Applicant's summary and conclusion

Conclusions:
Based on the results of this study, when SAIB was administered to rats continuously in the diet for three successive generations, the highest dose
level (2.0 g/kg) was considered to be the no-observable-effect level.
Executive summary:

Groups of 30 male and 30 female immature rats (FO animals) were fed diets that contained 0, 0.5, 1.0, or 2.0 g of sucrose acetate isobutyrate (SAIB)/kg of body weight (g/kg). Males and females received the test diets for 10 and 2 weeks, respectively. In addition, females received test diets continuously throughout mating, gestation, and lactation, until necropsy. The FO animals were then mated to produce F1 litters. Groups of 30 male and 30 female F1 animals were fed diets that contained 0, 0.5, 1.0, or 2.0 g of SAIB/kg for at least 10 weeks postweaning, and the breeding program was repeated to produce F2a animals. After weaning of the F2a litters, the Fl adults were remated to produce F2b litters, which were used for teratologic evaluation. The F2a animals (30/sex/group) were fed test diets containing 0, 0.5, 1.0, or 2.0 g of SAIB/kg for at least 10 weeks postweaning and then mated to produce F3 litters. Adult F2a males were sacrificed and discarded after the completion of mating. The study was completed when the adult F2a females were sacrificed on Day 14 of the F3 gestation, and the uterus was examined for the number of implantations. Antemortem data (i.e., antemortem observations, body weights, and food consumptions), reproduction data, and litter data were recorded.

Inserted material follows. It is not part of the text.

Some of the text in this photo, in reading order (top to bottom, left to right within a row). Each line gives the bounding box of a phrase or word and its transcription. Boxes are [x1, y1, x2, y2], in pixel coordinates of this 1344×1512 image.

Test diets were fed continuously throughout the study. All FO and Fl adults were examined macroscopically, and reproductive organs and gross lesions were co:lected and preserved for possible examination. Tissues "masses" found in the peritoneal cavity were examined microscopically. The results of the study are summarized as follows:

  • Survival was 100% for males and females in all groups in the FO, Fl, and F2a generations.
  • There were no treatment-related antemortem observations.

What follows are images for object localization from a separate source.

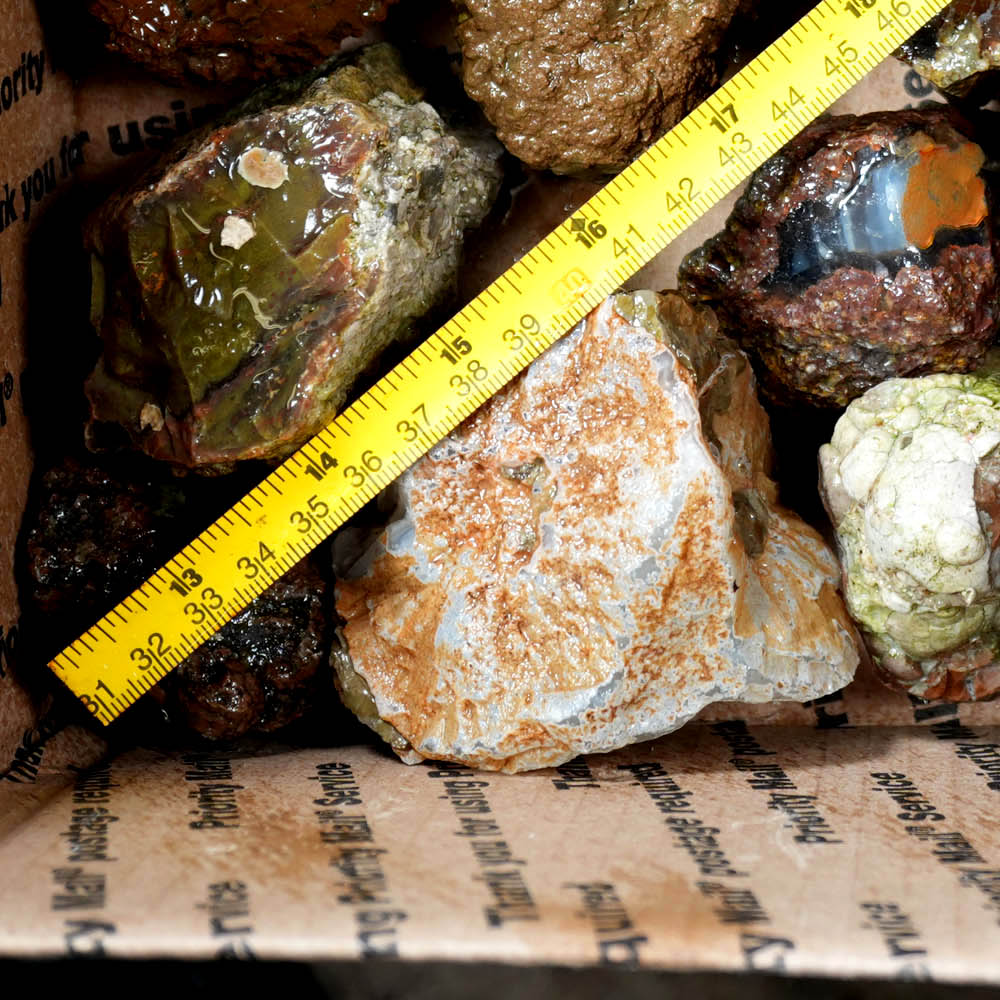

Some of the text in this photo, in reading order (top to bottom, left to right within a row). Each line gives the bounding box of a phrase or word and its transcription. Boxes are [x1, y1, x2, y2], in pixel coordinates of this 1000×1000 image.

[80, 679, 115, 715] 31
[130, 633, 172, 671] 32
[184, 587, 224, 625] 33
[236, 541, 277, 580] 34
[290, 494, 330, 534] 35
[343, 450, 383, 488] 36
[396, 403, 431, 443] 37
[450, 360, 488, 397] 38
[502, 314, 541, 351] 39
[612, 223, 646, 259] 41
[665, 177, 701, 213] 42
[718, 132, 752, 168] 43
[771, 86, 806, 122] 44
[824, 40, 858, 77] 45
[170, 567, 203, 597] 13
[304, 451, 339, 482] 14
[440, 336, 473, 366] 15
[574, 219, 608, 250] 16
[709, 103, 740, 134] 17
[869, 771, 946, 823] Service
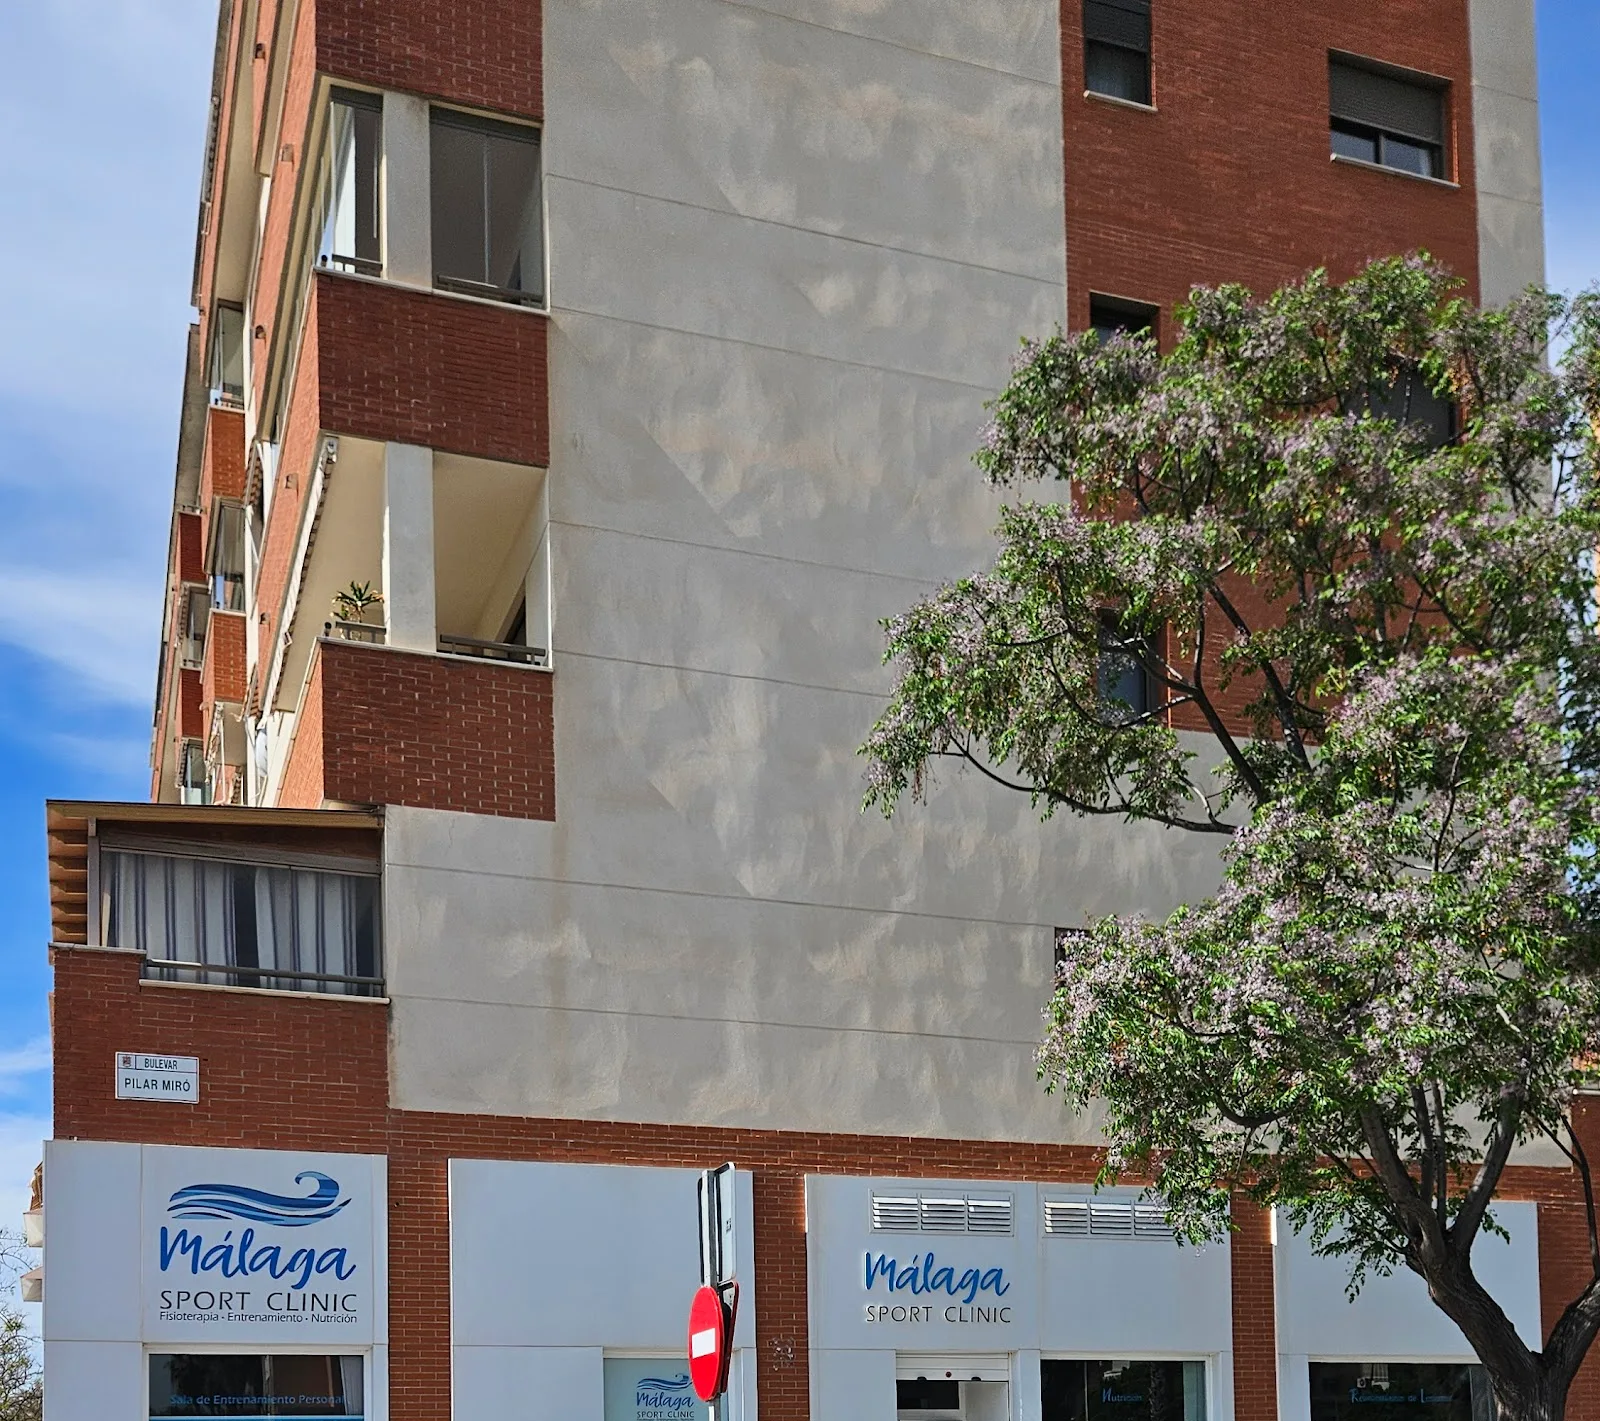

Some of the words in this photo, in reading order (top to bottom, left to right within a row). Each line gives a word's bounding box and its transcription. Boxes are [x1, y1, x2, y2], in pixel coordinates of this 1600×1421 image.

[144, 1058, 178, 1070] BULEVAR
[124, 1078, 158, 1090] PILAR
[162, 1079, 191, 1092] MIRÓ
[160, 1226, 357, 1290] Málaga
[865, 1251, 1011, 1304] Málaga
[160, 1290, 251, 1311] SPORT
[266, 1292, 357, 1312] CLINIC
[159, 1311, 219, 1323] Fisioterapia
[227, 1313, 304, 1323] Entrenamiento
[311, 1313, 357, 1324] Nutrición
[866, 1305, 933, 1322] SPORT
[944, 1306, 1011, 1323] CLINIC
[170, 1394, 193, 1405] Sala
[196, 1394, 211, 1405] de
[213, 1394, 296, 1405] Entrenamiento
[298, 1394, 345, 1405] Personal
[636, 1391, 694, 1411] Málaga

  • Body weights were slightly (3% to 6%), but significantly, lower only during the first half of lactation at 1.0 and 2.0 g/kg for FO females and on Day 21 of lactation at 0.5 and 2.0 g/kg for F1 females.
  • There were no consistent statistically significant differences in body weight gains.

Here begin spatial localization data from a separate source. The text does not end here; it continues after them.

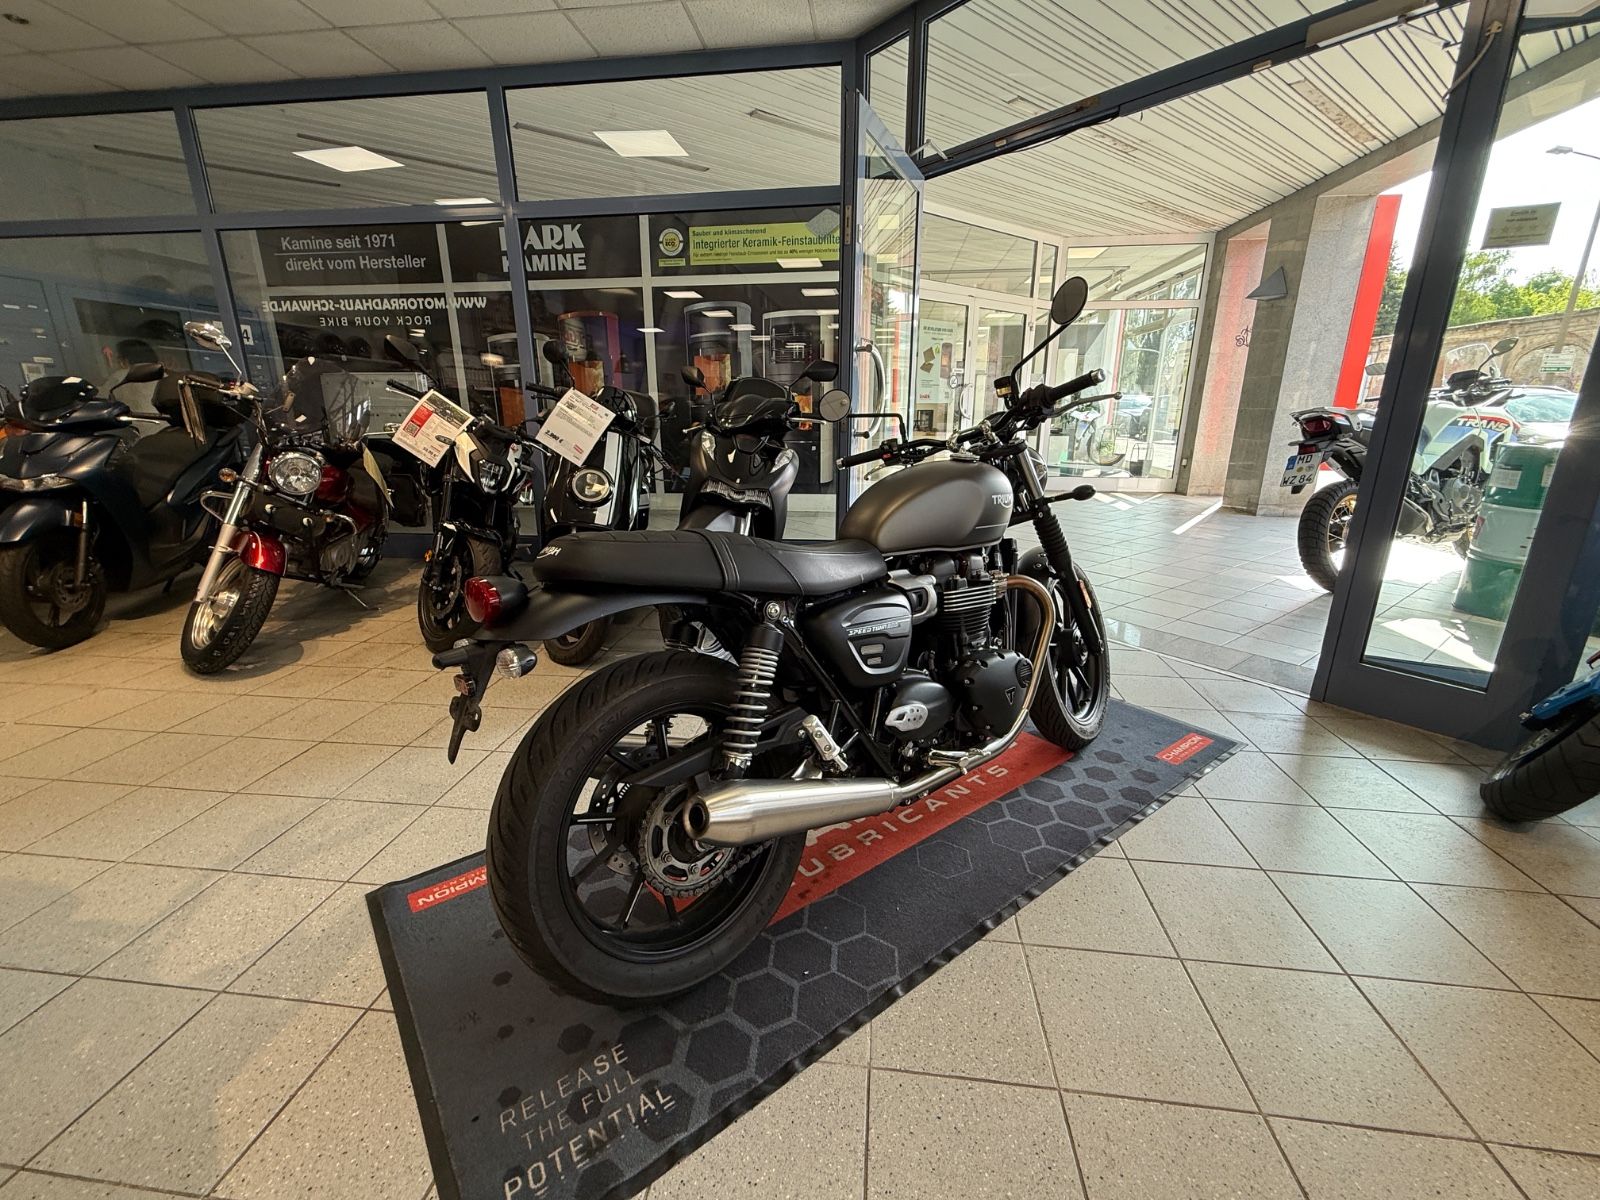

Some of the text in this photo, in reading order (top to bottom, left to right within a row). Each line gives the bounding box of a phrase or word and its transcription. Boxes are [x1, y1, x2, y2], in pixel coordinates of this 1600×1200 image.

[281, 233, 396, 250] Kamine seit 1971
[692, 234, 841, 251] Integrierter Keramik-Feinstaubfilte
[285, 254, 426, 271] direkt vom Hersteller
[1456, 417, 1508, 432] TRANS
[1297, 455, 1313, 464] MD
[1283, 473, 1313, 485] WZ 84
[791, 764, 1009, 887] UBRICANTS
[417, 874, 487, 906] MPION
[500, 1043, 629, 1134] RELEASE
[520, 1070, 641, 1151] THE FULL
[503, 1087, 676, 1200] POTENTIAL
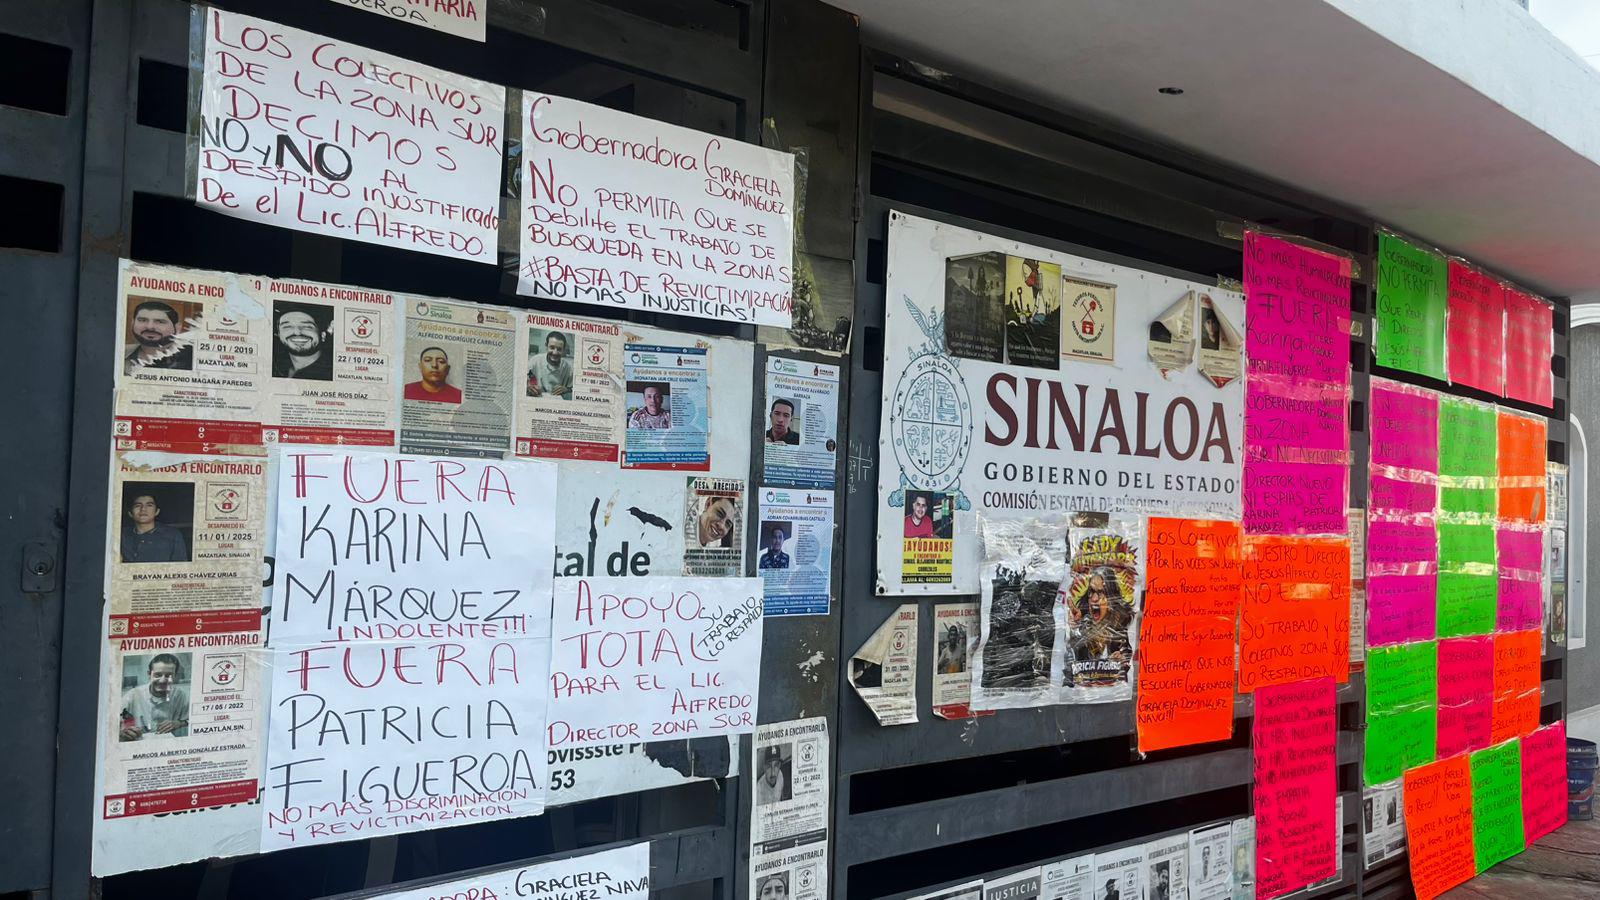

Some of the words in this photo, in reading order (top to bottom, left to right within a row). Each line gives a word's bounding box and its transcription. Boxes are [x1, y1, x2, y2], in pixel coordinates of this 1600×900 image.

[215, 10, 291, 58] LOS
[216, 51, 268, 86] DE
[294, 70, 341, 104] LA
[350, 89, 439, 131] ZONA
[448, 117, 501, 156] SUR
[530, 96, 698, 171] Gobernadora
[201, 114, 249, 152] NO
[275, 134, 352, 181] NO
[203, 150, 350, 198] DESPIDO
[380, 169, 417, 193] AL
[704, 139, 781, 197] GRACIELA
[594, 188, 684, 221] PERMITA
[694, 208, 736, 232] QUE
[743, 223, 766, 238] SE
[528, 224, 643, 262] BUSQUEDA
[652, 248, 682, 269] EN
[692, 258, 716, 274] LA
[628, 223, 655, 240] EL
[660, 228, 740, 256] TRABAJO
[750, 244, 776, 259] DE
[131, 276, 185, 294] AYUDANOS
[188, 284, 194, 294] A
[620, 270, 650, 293] DE
[1380, 264, 1400, 288] NO
[270, 281, 318, 298] AYUDANOS
[329, 289, 392, 305] ENCONTRARLO
[534, 280, 566, 298] NO
[574, 287, 626, 304] MAS
[642, 293, 756, 321] INJUSTICIAS!
[418, 332, 443, 340] ALFREDO
[445, 335, 476, 344] RODRÍGUEZ
[527, 314, 563, 328] AYUDANOS
[565, 321, 570, 329] A
[572, 322, 619, 336] ENCONTRARLO
[159, 375, 189, 383] ANTONIO
[222, 379, 253, 387] PAREDES
[917, 360, 953, 376] SINALOA
[984, 372, 1235, 464] SINALOA
[181, 463, 187, 472] A
[191, 462, 262, 475] ENCONTRARLO
[287, 454, 516, 505] FUERA
[984, 462, 1107, 487] GOBIERNO
[1118, 471, 1154, 489] DEL
[1164, 474, 1235, 494] ESTADO
[1244, 466, 1294, 490] DIRECTOR
[920, 478, 941, 487] 1831
[983, 490, 1047, 510] COMISIÓN
[300, 504, 491, 572] KARINA
[1150, 518, 1175, 545] LOS
[607, 541, 650, 576] de
[1304, 545, 1346, 564] DIRECTOR
[576, 580, 701, 625] APOYO
[1244, 583, 1271, 604] NO
[698, 606, 723, 632] SU
[698, 596, 755, 648] TRABAJO
[1242, 610, 1264, 641] SU
[1268, 618, 1318, 634] TRABAJO
[120, 638, 175, 650] AYUDANOS
[178, 637, 185, 648] A
[188, 633, 259, 647] ENCONTRARLO
[561, 628, 718, 669] TOTAL
[709, 640, 725, 656] LO
[1242, 643, 1293, 665] COLECTIVOS
[1300, 642, 1328, 654] ZONA
[287, 643, 519, 691] FUERA
[1240, 668, 1255, 686] LO
[551, 672, 620, 698] PARA
[634, 674, 665, 690] EL
[672, 688, 752, 714] ALFREDO
[279, 694, 518, 750] PATRICIA
[548, 721, 640, 746] DIRECTOR
[652, 719, 698, 736] ZONA
[710, 712, 753, 728] SUR
[758, 729, 784, 741] AYUDANOS
[790, 723, 825, 736] ENCONTRARLO
[550, 769, 575, 790] 53
[269, 806, 302, 828] NO
[309, 801, 372, 818] MAS
[387, 789, 527, 813] DISCRIMINACION
[755, 861, 782, 873] AYUDANOS
[788, 848, 823, 864] ENCONTRARLO
[515, 869, 611, 897] GRACIELA
[990, 881, 1037, 900] JUSTICIA

  • Food consumptions for F2a males and females were significantly lower during the premating period.
  • There was a significant trend in decreased fertility for F1 females during mating for the F2a litters; however, there were no statistically significant differences between the control and treated groups and no effect of continued SAIB treatment on subsequent matings (i.e., for F2b or F3 litters). The single observation of reduced fertility is not considered to be test material-related.
  • Fetal viability for F2b litters was significantly decreased at 2.0 g/kg based on analysis of variance, however, not when the values were compared by Student's t-test. This observation is not considered to be test material-related.
  • There were no treatment-related effects on fetal development through the period of organogenesis (i.e., Days 6 through 15 of gestation) based on teratologic evaluation of the F2b liiters.
  • There were no treatment-related macroscopic or microscopic changes.